In case anyone had missed it, Norwich City have terminated their partnership with BK8.
Two days after the deal was announced and outrage ensued over inappropriate imagery on the Asian firm’s social media, the club have cut the partnership short while admitting that “we got it wrong.”
Chief Operating Officer Ben Kensell also said, via a club statement, that “on this occasion, we made an error of judgement.
“Our standards were not at the levels we demand of our football club.
“We can now only apologise to our supporters and former players, Grant Holt and Darren Eadie, who were across the BK8 promotional launch campaign, for any offence caused.
“We remain highly committed to diversity and equality across our football club and its community. We want to continue to embed a highly inclusive culture across the club, together with an accessible and welcoming environment free of demeaning and discriminatory behaviours.”
BK8 also commented on the end of the partnership, promising to learn from their mistakes. “We intend to take action to show football fans that we learn from our mistakes and improve as a brand,” they said in an official statement.
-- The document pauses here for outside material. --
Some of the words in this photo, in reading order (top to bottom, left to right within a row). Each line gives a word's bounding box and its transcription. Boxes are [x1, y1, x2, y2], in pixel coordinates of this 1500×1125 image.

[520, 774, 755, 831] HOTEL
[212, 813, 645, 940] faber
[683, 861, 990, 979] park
“BK8 commits to the fans that we will inject a portion of these sponsorship funds back into relevant charities and associations.”
It’s MyFootballWriter’s understanding that there was no cost for the club, other than loss of potential earnings, in terminating the deal, but that any replacement is very unlikely to pay as much as BK8 had agreed to.
On the face of it, this may feel like a loss for Norwich City. They haven’t earned as much as they could’ve done from next season’s sponsorship deal. They’ve dropped a huge PR clanger and replaced a record sponsorship deal with one they cancelled in less than 48 hours. But City fans are the winners in this situation.
Just as they felt their club slipping away, the loss of their community, their power and importance starting to wain, the cancellation of this deal was evidence of their influence.
Anyone who tuned in to our podcast on Tuesday night and witnessed Stuart Hodge (or Hodgeythehack) passionately defending “the soul of the club” will understand quite how devastating this had the potential to be. Hodgey echoed the sentiments of many fans, and credit must go to the club for recognising that they were not only in the midst of a PR problem but an identity crisis, and at the end of it they managed to remember who they really were.
They remembered the priority of a club whose local support is disproportionate to its size, whose owners represent the fan base rather than investment and whose history is of prioritising fan enjoyment over winning at all costs.
Although something that previously felt business-like and barely related to football, City can use the cancellation of a sponsorship as a turning point for their summer. The first few weeks of a huge few months for the club were littered with fruitless rumour, PR disaster and the loss of their best player. The next few days look like they’ll include a symbol of the club’s commitment to fans and the signing of an old favourite on a permanent deal.
Sprinkle in genuine interest in the likes of Adam Armstrong, Tosin Adarabioyo and Oliver Skipp and it feels like goodness may well be on the horizon. If England don’t manage to dampen the cautious optimism creeping into Norfolk then things look like they’re on the up, on the basis of a decision made for the club by its excellent support.